Try it →
Exactly the lines from the one containing "this 1344×1134 image." to the last line of the records, inclusive, are to be transcribed; include no others.

** Data for this exercise follows **

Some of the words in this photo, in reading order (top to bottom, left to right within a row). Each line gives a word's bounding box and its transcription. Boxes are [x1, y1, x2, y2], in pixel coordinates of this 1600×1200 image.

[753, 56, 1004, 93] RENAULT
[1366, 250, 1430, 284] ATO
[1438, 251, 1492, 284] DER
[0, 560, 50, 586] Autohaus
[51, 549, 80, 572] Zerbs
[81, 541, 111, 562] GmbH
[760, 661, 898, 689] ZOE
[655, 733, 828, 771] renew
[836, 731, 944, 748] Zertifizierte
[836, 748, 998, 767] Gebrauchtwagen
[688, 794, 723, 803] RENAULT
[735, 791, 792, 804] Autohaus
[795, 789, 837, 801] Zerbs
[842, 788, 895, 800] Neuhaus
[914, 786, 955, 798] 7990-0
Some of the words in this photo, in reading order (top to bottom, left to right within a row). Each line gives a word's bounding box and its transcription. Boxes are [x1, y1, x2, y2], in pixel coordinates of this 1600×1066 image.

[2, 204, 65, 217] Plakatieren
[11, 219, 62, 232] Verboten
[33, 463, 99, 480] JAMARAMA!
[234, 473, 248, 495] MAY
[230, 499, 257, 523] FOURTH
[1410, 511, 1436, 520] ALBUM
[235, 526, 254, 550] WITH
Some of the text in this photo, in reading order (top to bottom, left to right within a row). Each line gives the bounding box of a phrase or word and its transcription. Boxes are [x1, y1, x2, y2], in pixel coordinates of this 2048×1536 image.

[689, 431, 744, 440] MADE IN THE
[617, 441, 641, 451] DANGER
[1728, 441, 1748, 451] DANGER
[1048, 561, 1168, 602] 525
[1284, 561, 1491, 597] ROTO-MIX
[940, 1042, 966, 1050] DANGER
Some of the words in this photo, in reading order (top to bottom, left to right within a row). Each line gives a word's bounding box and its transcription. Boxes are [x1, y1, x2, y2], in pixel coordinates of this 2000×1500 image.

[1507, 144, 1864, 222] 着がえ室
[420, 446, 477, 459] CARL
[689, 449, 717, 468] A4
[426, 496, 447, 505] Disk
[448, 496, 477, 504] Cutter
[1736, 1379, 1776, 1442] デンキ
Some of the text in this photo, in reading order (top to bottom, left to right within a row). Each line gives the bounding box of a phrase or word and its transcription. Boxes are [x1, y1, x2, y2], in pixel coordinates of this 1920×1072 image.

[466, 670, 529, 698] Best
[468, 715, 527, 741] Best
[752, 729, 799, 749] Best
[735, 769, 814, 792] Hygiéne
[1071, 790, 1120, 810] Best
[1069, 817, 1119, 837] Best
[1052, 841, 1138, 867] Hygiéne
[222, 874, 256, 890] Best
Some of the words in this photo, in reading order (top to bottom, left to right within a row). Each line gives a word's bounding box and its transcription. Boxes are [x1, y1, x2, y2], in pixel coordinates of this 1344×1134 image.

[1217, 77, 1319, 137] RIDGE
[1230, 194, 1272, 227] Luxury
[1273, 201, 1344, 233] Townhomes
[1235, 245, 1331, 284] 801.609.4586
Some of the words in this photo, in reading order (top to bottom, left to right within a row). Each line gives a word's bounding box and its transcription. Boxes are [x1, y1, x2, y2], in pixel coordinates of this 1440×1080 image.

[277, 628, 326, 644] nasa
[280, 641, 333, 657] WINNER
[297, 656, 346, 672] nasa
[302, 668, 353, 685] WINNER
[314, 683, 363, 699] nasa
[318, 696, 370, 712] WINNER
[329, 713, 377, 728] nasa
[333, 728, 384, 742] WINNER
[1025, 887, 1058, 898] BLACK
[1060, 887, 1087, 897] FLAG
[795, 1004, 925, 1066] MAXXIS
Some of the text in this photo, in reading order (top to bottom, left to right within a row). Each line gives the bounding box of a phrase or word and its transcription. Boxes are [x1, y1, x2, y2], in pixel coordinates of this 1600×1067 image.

** End of Data for this exercise **

Solution to the problem →
Some of the words in this photo, in reading order (top to bottom, left to right within a row). Each line gives a word's bounding box and its transcription. Boxes are [x1, y1, x2, y2], in pixel coordinates of this 1344×1134 image.

[1217, 77, 1319, 137] RIDGE
[1230, 194, 1272, 227] Luxury
[1273, 201, 1344, 233] Townhomes
[1235, 245, 1331, 284] 801.609.4586
Some of the words in this photo, in reading order (top to bottom, left to right within a row). Each line gives a word's bounding box and its transcription. Boxes are [x1, y1, x2, y2], in pixel coordinates of this 1440×1080 image.

[277, 628, 326, 644] nasa
[280, 641, 333, 657] WINNER
[297, 656, 346, 672] nasa
[302, 668, 353, 685] WINNER
[314, 683, 363, 699] nasa
[318, 696, 370, 712] WINNER
[329, 713, 377, 728] nasa
[333, 728, 384, 742] WINNER
[1025, 887, 1058, 898] BLACK
[1060, 887, 1087, 897] FLAG
[795, 1004, 925, 1066] MAXXIS
Some of the text in this photo, in reading order (top to bottom, left to right within a row). Each line gives the bounding box of a phrase or word and its transcription. Boxes are [x1, y1, x2, y2], in pixel coordinates of this 1600×1067 image.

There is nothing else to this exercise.